The faithful of the Church come from all around the world. What binds all these people together is their faith in Jesus Christ as the Son of God and recognition of the Pope as the successor of St. Peter as the visible head of Christ’s Church on earth.
Pope Francis, elected on 13th March 2013, is the 266th and current Pope, the successor of St. Peter, who Jesus appointed as the first head of the Church on earth, as written in the Gospel:
"Thou art Peter, and upon this rock, I will build my Church, and the gates of Hell shall not prevail against it."
Gospel of St. Matthew 16:18
The Four Marks of the Church
When we say the Nicene Creed we profess that the Church is One, Holy, Catholic and Apostolic, the qualities of the Church shared by the Holy Spirit. This Creed was written many centuries ago as an aid to remind the faithful of their belief.
One: God is one in the Father, Son and Holy Spirit.
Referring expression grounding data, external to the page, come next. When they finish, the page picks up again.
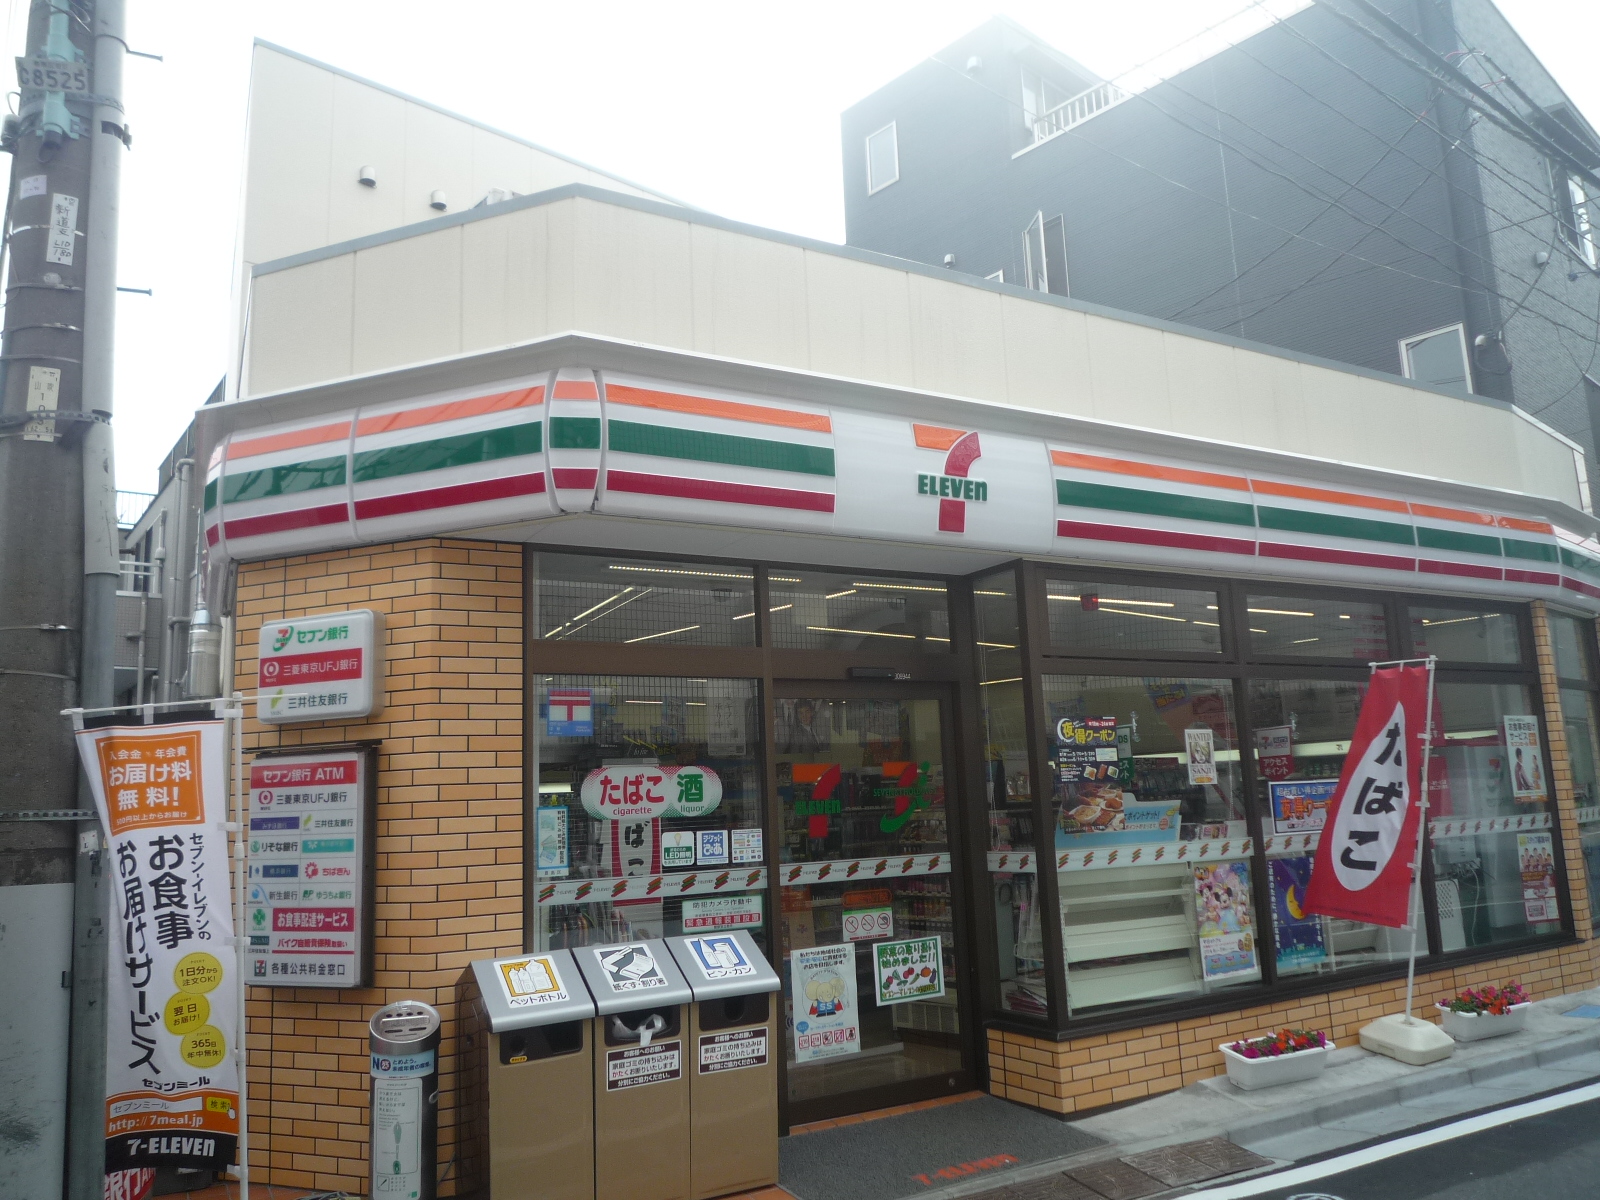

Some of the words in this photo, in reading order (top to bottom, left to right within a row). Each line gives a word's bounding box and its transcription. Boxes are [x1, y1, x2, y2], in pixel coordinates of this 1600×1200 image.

[917, 473, 988, 501] ELEVEN
[297, 625, 349, 644] セブン銀行
[283, 658, 358, 676] 三菱東京UFJ銀行
[288, 693, 348, 709] 三井住友銀行
[1263, 757, 1288, 766] アクセス
[109, 759, 192, 787] お届け料
[262, 768, 312, 784] セブン銀行
[314, 766, 345, 781] ATM
[1265, 767, 1289, 776] ポイント
[599, 773, 665, 805] たばこ
[677, 774, 703, 803] 酒
[276, 791, 348, 805] 三菱東京UFJ銀行
[1341, 722, 1404, 871] たばこ
[612, 805, 652, 816] cigarette
[680, 803, 704, 813] liquor
[314, 818, 354, 828] 三井住友銀行
[261, 841, 299, 852] りそな銀行
[665, 851, 692, 859] LED照明
[322, 867, 351, 876] ちばぎん
[148, 833, 195, 949] お食事
[269, 891, 298, 901] 新生銀行
[316, 890, 352, 900] ゆうちょ銀行
[692, 898, 753, 909] 防犯カメラ作動中
[277, 912, 349, 927] お食事配達サービス
[116, 839, 162, 1075] お届けサービス
[179, 965, 218, 977] 1日分から
[271, 962, 345, 975] 各種公共料金窓口
[510, 993, 567, 1006] ペットボトル
[191, 1038, 218, 1049] 365日
[704, 1040, 762, 1054] 家庭ゴミの持ち込みは
[624, 1046, 666, 1057] お客様へのお願い
[612, 1054, 675, 1070] 家庭ゴミの持ち込みは
[142, 1075, 211, 1092] セブンミール
[112, 1101, 170, 1113] セブンミール
[127, 1136, 216, 1157] 7-ELEVEN
The Church is one in the Spirit, residing in the hearts of all those who believe.
Holy: Jesus Christ is the source of all holiness. Through the Holy Spirit the Church leads believers to holiness. This holiness is found in the love that believers have for the Church and for each other.
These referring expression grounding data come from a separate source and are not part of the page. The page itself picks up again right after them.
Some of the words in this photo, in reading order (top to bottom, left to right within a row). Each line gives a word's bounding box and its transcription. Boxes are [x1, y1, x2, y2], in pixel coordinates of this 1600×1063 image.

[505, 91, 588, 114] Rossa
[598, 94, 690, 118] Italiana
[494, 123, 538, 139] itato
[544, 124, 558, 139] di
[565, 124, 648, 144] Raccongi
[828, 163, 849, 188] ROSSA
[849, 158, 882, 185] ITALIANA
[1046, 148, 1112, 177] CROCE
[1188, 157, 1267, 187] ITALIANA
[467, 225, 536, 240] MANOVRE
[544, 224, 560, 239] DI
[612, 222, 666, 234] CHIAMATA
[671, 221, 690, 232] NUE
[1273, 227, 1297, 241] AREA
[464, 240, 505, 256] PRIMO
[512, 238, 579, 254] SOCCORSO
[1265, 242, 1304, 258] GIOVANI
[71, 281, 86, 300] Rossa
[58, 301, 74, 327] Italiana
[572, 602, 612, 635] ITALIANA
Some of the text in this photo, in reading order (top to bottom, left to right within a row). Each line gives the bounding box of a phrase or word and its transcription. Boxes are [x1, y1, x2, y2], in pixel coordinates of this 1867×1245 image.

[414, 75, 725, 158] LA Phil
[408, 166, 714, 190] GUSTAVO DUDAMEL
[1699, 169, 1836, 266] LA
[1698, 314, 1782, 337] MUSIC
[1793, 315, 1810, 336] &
Catholic: this means ‘Universal’. The Church is universal because through common baptism all the faithful throughout the world are united by believe in Jesus Christ, the Son of God. After his resurrection, Jesus himself sent his disciples to proclaim the Gospel to the entire world.
Apostolic: the Church traces its tradition from the very Apostles appointed by Jesus Christ. The Holy Spirit has inspired the Church throughout history to continue the teaching of the Apostles, in an unbroken line from the first century and the first Pope, St. Peter, to the current Holy Father, and St. Peter’s 265th successor, Pope Francis.